From a planning standpoint, negative equity should not be read only as a current-state diagnosis. It is also a stress-test concept. If prices softened or the lender’s appraisal came in lower, would the equity story still hold? This tool helps test that question quickly.

What this page does not underwrite

This calculator is a collateral-and-ratio tool, not a full lending engine. It does not model income, debt-to-income ratio, payment shock, credit score, property condition, occupancy rules, geographic overlays, legal fees, early repayment charges, or program-specific documentation requirements.

That limitation matters because a borrower can look strong on equity and CLTV while still failing affordability or product-fit requirements. Conversely, a borrower with tight room at one threshold may still have options under a different product structure or lender policy.

The correct reading is therefore: this page shows the quantitative equity mechanics first, then the user should layer underwriting reality on top with a lender, broker, or adviser.

Assumptions and related tools

This calculator assumes the entered property value is a reasonable current estimate and that all secured balances have been included. It does not forecast market movement, interest-rate path, fee roll-ins, or future amortization. It also does not distinguish between fixed-rate home equity loans and revolving HELOC draw structures; it only measures the current secured-debt position against the property.

For adjacent tasks, use the mortgage calculator for payment and amortization analysis, the loan calculator for general amortized borrowing, the home improvement loan calculator for project-financing repayment scenarios, and the retirement calculator when housing equity decisions affect long-term cash-flow planning.

Frequently asked questions

What does the default home equity calculator example show?

On the default inputs, a property value of $200,000.00 with a $150,000.00 mortgage balance and no other secured borrowing produces $50,000.00 of estimated equity, a 75% current LTV, and about $10,000.00 of room before reaching an 80% combined LTV limit.

What is the difference between home equity and borrowing room?

Home equity is the part of the property value not currently covered by secured debt. Borrowing room is narrower: it is the amount of additional secured borrowing that may fit beneath a chosen lender limit such as 80% CLTV. A homeowner can have equity but still have little usable borrowing room if lender limits are tight.

Why does this calculator separate mortgage balance and other secured borrowing?

Because many lenders care about combined loan-to-value, not just the first mortgage. A second mortgage, HELOC balance, or other secured charge changes the combined debt stack and therefore changes both equity interpretation and available headroom.

Can I borrow all of my home equity?

Usually no.
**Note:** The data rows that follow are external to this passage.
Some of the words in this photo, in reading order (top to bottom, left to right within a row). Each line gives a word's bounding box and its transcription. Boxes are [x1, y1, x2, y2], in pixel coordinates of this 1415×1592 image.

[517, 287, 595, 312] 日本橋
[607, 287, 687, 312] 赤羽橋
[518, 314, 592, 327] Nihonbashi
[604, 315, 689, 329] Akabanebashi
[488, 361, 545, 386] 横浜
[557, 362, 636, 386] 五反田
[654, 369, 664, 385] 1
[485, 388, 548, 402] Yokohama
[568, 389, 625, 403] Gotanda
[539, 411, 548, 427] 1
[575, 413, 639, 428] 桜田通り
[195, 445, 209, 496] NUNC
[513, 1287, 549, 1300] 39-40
Lenders often cap combined loan-to-value below 100%, and they also apply affordability, credit, product, property-type, and valuation rules. The calculator shows mechanical room at common LTV thresholds, not guaranteed approval capacity.

What is negative equity?

Negative equity means the secured debt is greater than the property value. In that case, selling the home may not fully clear the balances secured against it without additional funds from another source.

Does this include a HELOC or second lien?
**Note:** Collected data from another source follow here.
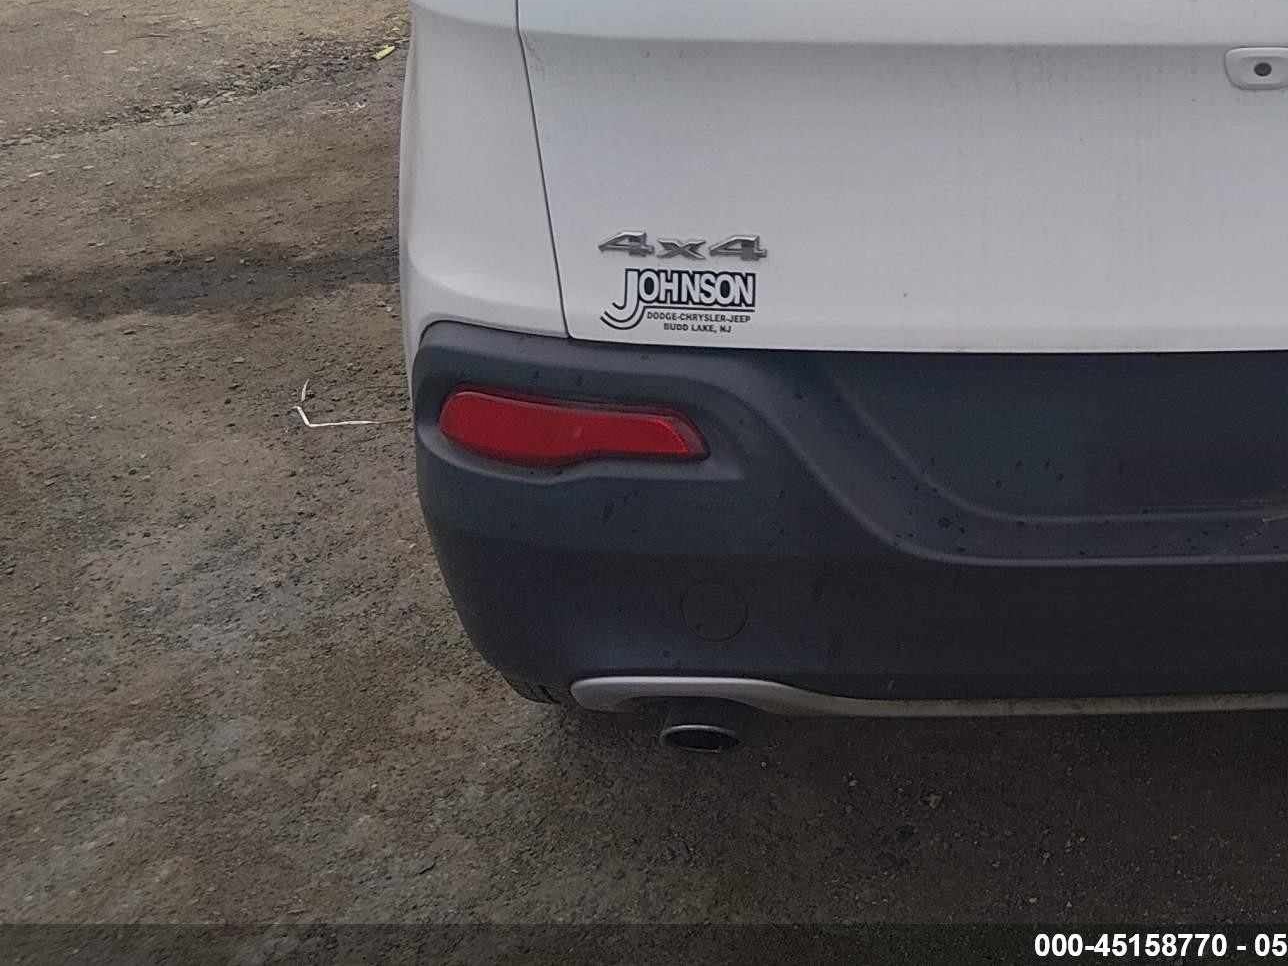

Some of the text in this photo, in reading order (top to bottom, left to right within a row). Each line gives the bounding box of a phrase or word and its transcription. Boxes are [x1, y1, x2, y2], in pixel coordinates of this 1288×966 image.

[598, 230, 767, 261] 4x4
[602, 267, 757, 326] JOHNSON
[646, 311, 752, 323] DODGE-CHRYSLER-JEEP
[663, 322, 690, 331] BUDD
[720, 325, 732, 333] NJ
Yes, if you enter the current drawn balance in other secured borrowing. The tool then reflects that additional secured debt in the current CLTV and in the borrowing-room scenarios.
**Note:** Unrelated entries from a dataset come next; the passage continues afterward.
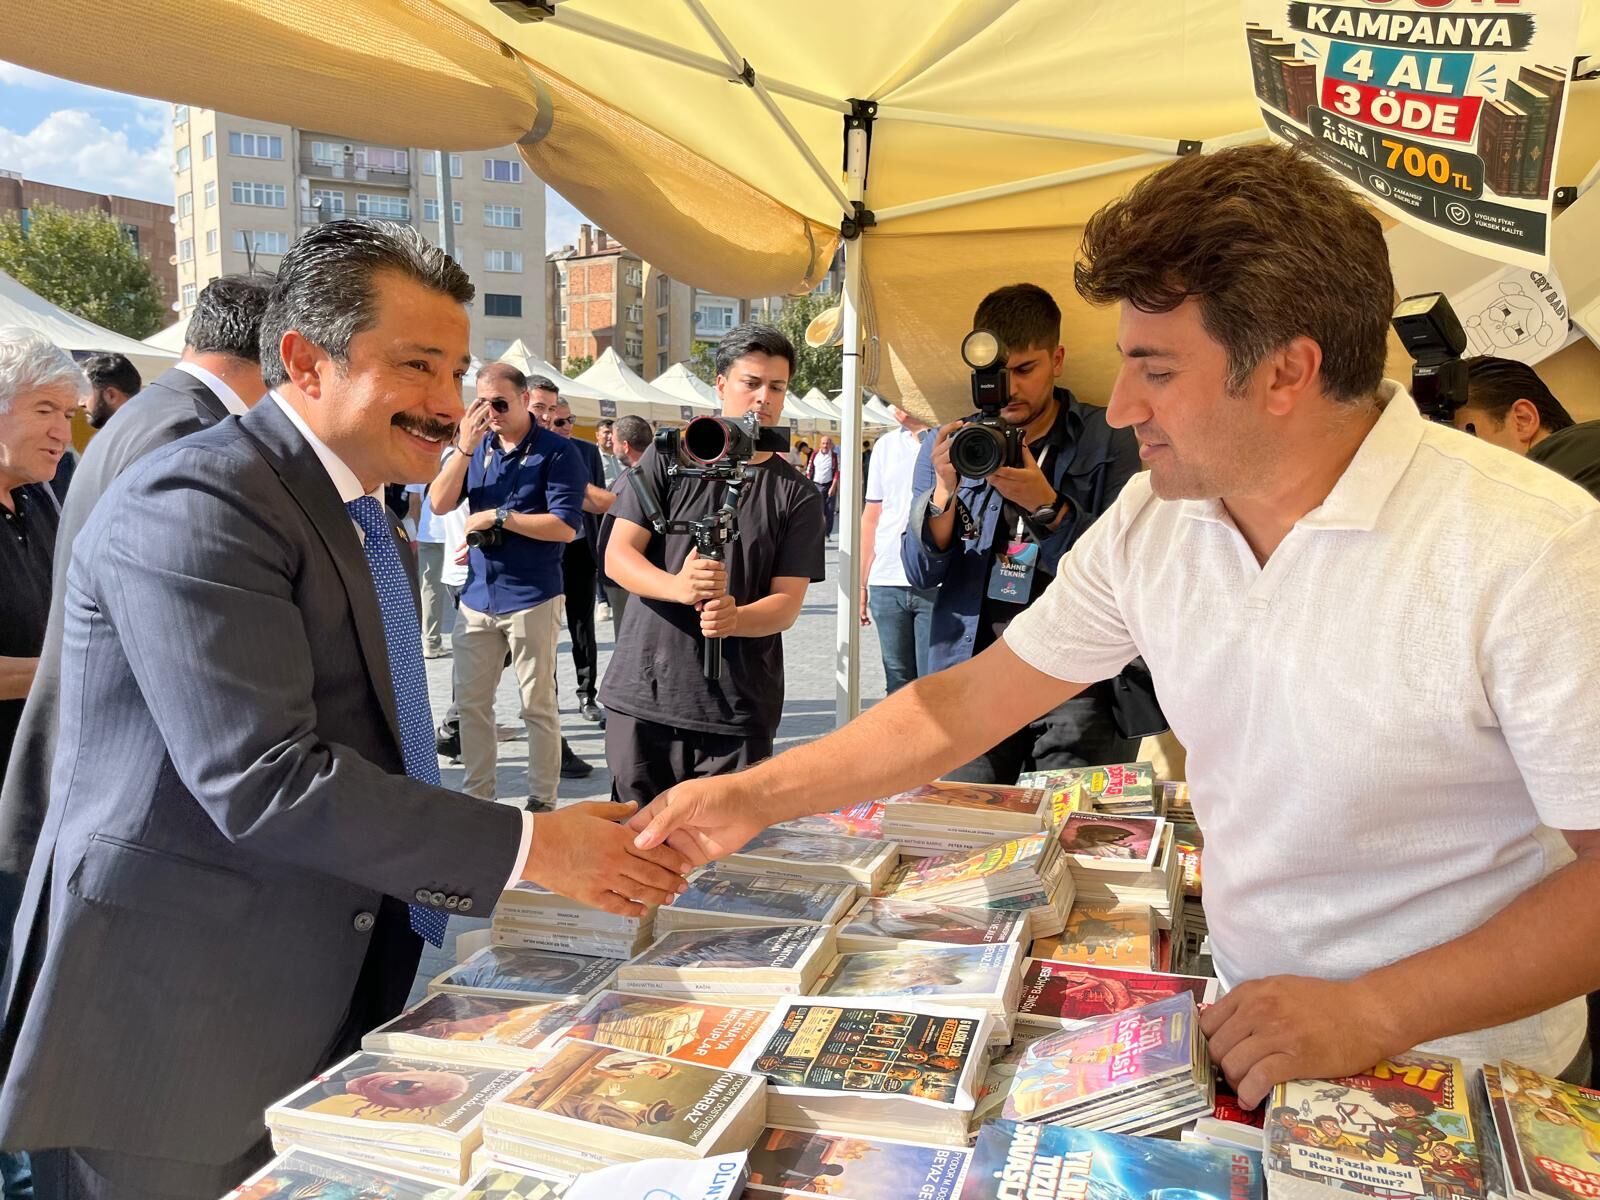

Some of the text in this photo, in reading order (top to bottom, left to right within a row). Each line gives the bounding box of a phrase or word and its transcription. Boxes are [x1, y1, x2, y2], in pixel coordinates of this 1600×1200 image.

[1306, 6, 1512, 47] KAMPANYA
[1342, 50, 1453, 94] 4 AL
[1334, 85, 1460, 135] 3 ÖDE
[1321, 116, 1363, 143] 2. SET
[1323, 129, 1368, 159] ALANA
[1381, 139, 1450, 184] 700
[1452, 172, 1472, 191] TL
[1474, 212, 1516, 227] UYGUN FİYAT
[1475, 219, 1524, 237] YÜKSEK KALİTE
[1530, 271, 1567, 321] CRY BABY
[999, 568, 1025, 579] TEKNİK
[1001, 563, 1026, 572] SAHNE
[1019, 966, 1053, 1013] VİŞNE BAHÇESİ
[693, 1008, 742, 1057] MEKTUPLAR
[715, 1010, 750, 1051] MİLENA'YA
[1112, 1014, 1141, 1077] Kedisi
[1139, 1016, 1163, 1052] Kül
[683, 1072, 737, 1124] KUMARBAZ
[728, 1074, 749, 1098] FYODOR
[925, 1150, 949, 1184] BEYAZ
[948, 1151, 963, 1178] FYODOR
[992, 1123, 1042, 1200] SAVAŞL
[1298, 1148, 1413, 1179] Daha Fazla Nasıl
[1309, 1160, 1405, 1188] Rezil Olunur?
[703, 1162, 737, 1200] DÜN
Why might a lender say I have less usable equity than this page shows?

The most common reasons are a lower lender appraisal, fees rolled into the transaction, different CLTV caps, income and affordability rules, property-type restrictions, or a lender decision to exclude some planned borrowing structure from the most favorable product tier.

What is the biggest hidden variable this home equity calculator does not model?

The biggest hidden variable is valuation uncertainty. A small downward change in lender-assessed property value can shrink available borrowing room quickly because it affects every LTV and CLTV ratio at once.